Remodelling of tumor lymphatic vasculature facilitates tumor cell metastasis to lymph nodes. However, the physiological pathways that regulate lymphatic remodelling – or lymphangiogenesis – and lymphatic metastasis are yet to be defined. To investigate the impact of beta-adrenergic signaling on lymphangiogenesis and lymphatic metastasis, we explored the effect of restraint stress in an orthotopic xenograft model of triple negative breast cancer. Longitudinal bioluminescence imaging revealed that chronic stress reduced time to lymph node metastasis and increased tumor cell load in draining lymph nodes. Pharmacological activation of beta-adrenergic pathways similarly induced lymphatic remodelling and this effect was blocked with pharmacological beta-blockade. Chronic stress increased the expression of lymphangiogenic growth factor VEGFC and its receptor Vefgr3, and shRNA knock-down of VEGFC reversed the effect of stress on lymph vessel density within primary tumors.
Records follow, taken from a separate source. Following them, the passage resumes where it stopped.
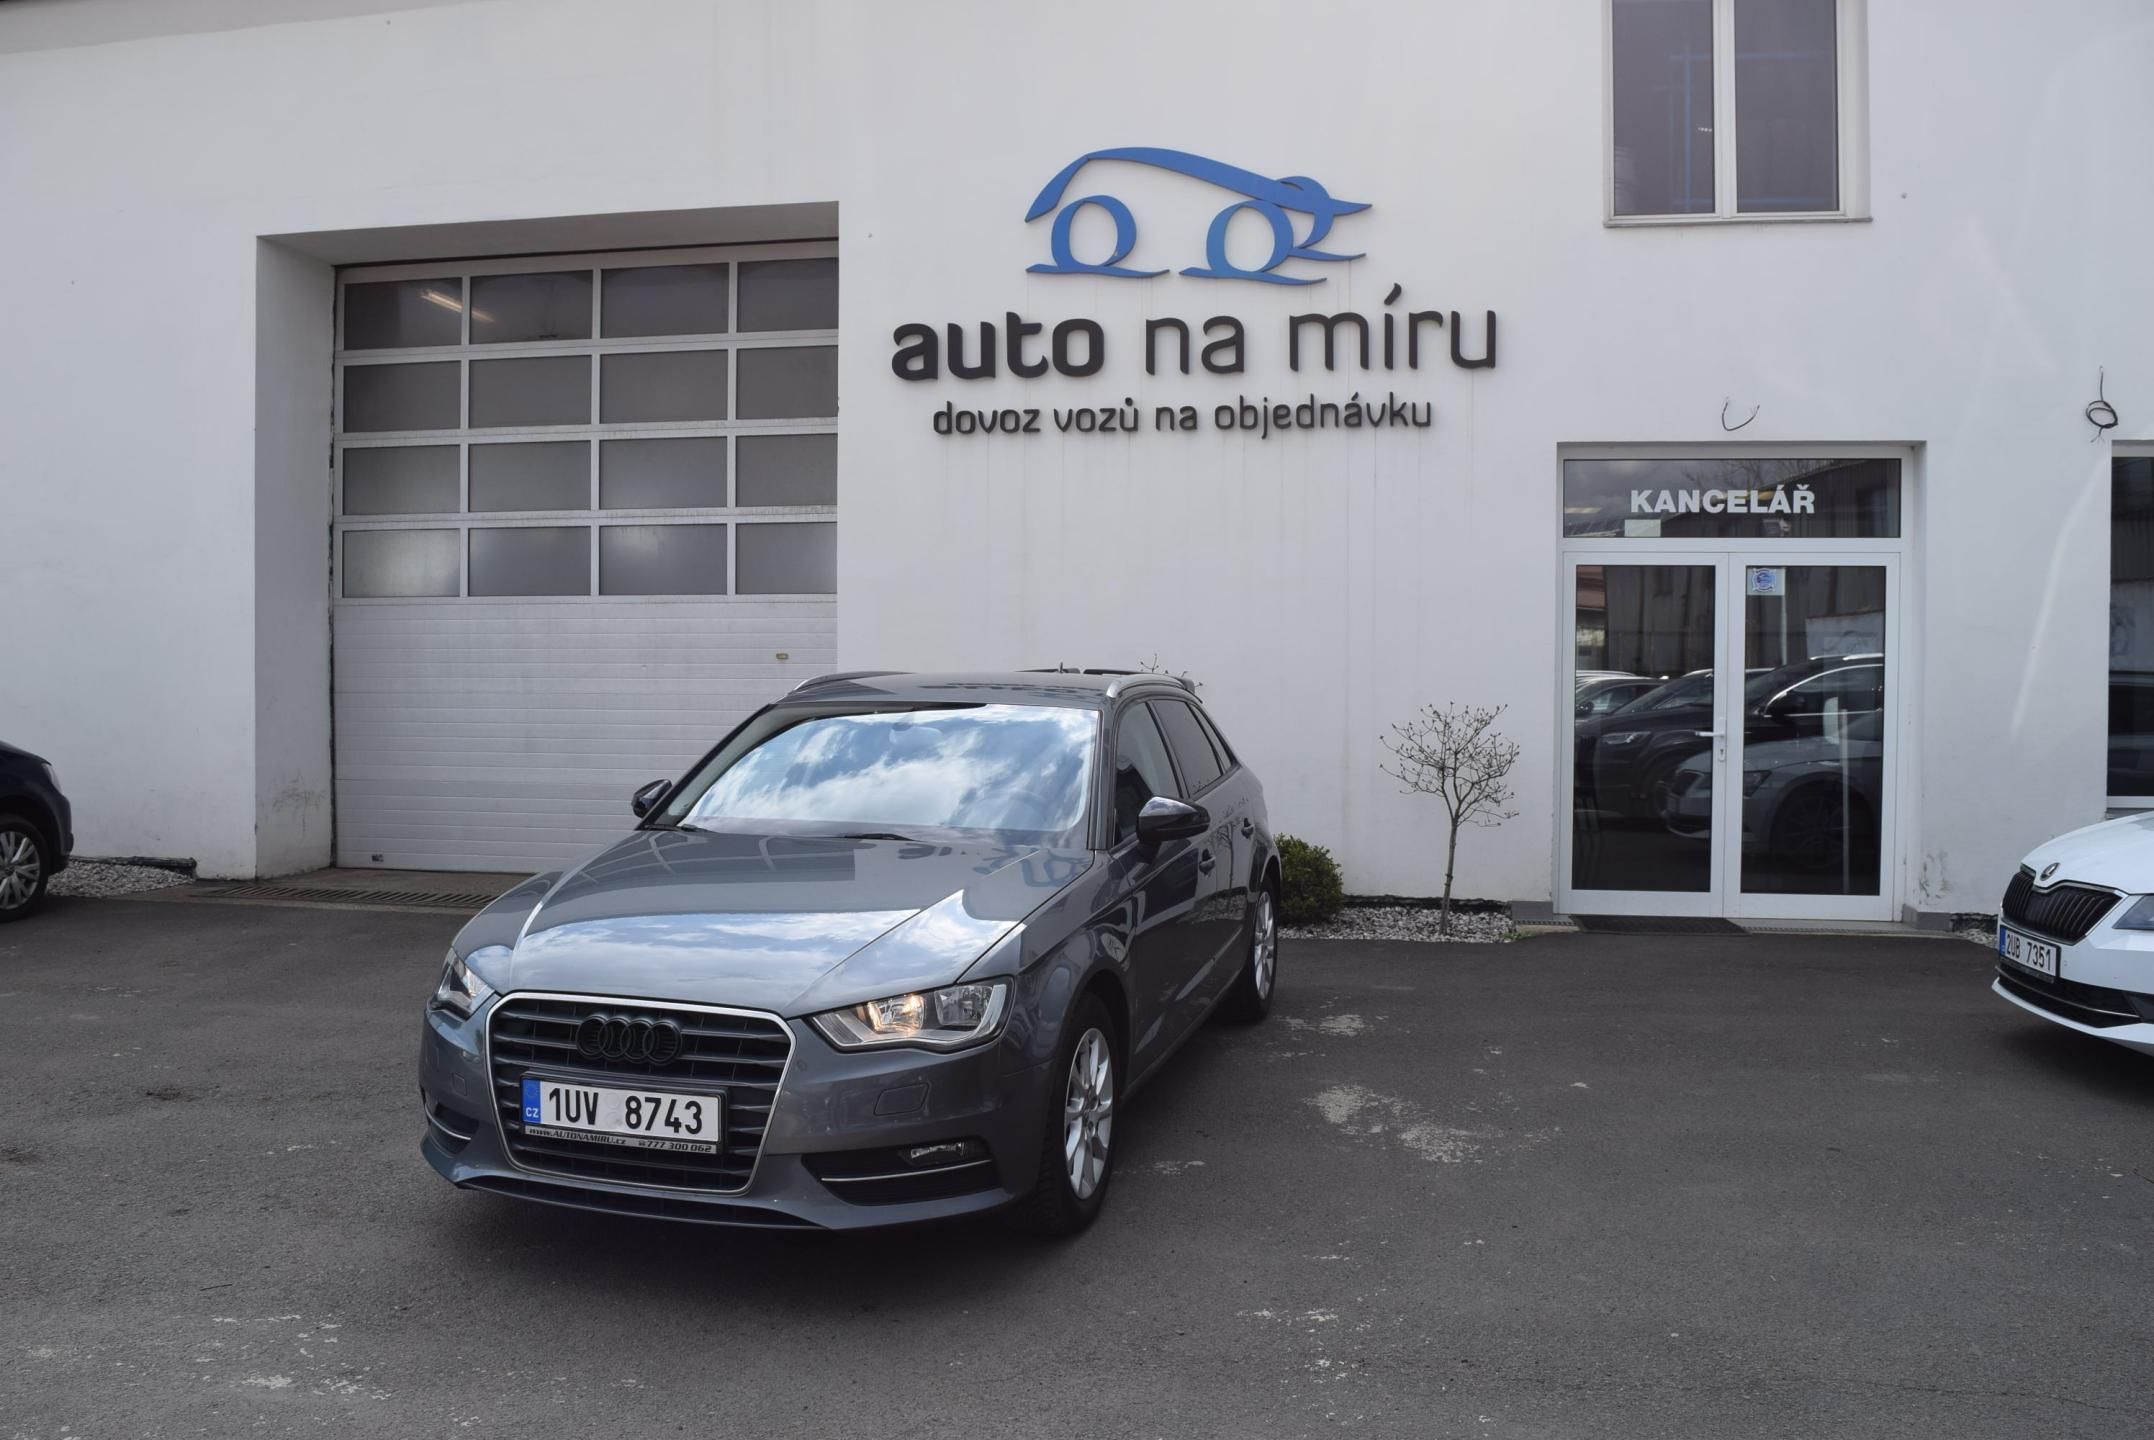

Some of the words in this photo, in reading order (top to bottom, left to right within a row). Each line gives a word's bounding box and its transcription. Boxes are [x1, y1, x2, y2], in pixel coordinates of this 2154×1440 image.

[891, 311, 1105, 381] auto
[1145, 314, 1245, 375] na
[1288, 283, 1497, 371] míru
[933, 401, 1041, 435] dovoz
[1053, 396, 1139, 433] vozů
[1155, 404, 1198, 431] na
[1214, 392, 1432, 440] objednávku
[1630, 484, 1816, 514] KANCELÁŘ
[2007, 933, 2020, 959] 2UB
[2026, 941, 2051, 971] 7351
[525, 1107, 540, 1118] CZ
[549, 1087, 599, 1126] 1UV
[625, 1095, 703, 1135] 8743
[647, 1140, 666, 1149] 777
[668, 1142, 689, 1151] 300
[690, 1144, 712, 1153] 062
We recently found that inflammation increased dilation of lymphatic collector vessels to promote breast cancer metastasis. Consistent with those studies, we found that stress regulated VEGFC by modulating expression of pro-inflammatory COX-2. Treatment with COX-2 inhibitor celecoxib reversed stress-induced lymph vessel dilation and blocked stress-enhanced tumor lymphangiogenesis and lymph node metastasis. These data show that stress acts through a betaAR-inflammation-VEGFC axis to promote lymph node metastasis. Importantly, these studies identify critical opportunities for therapeutic intervention that may help protect women with breast cancer from the adverse effects of stress biology.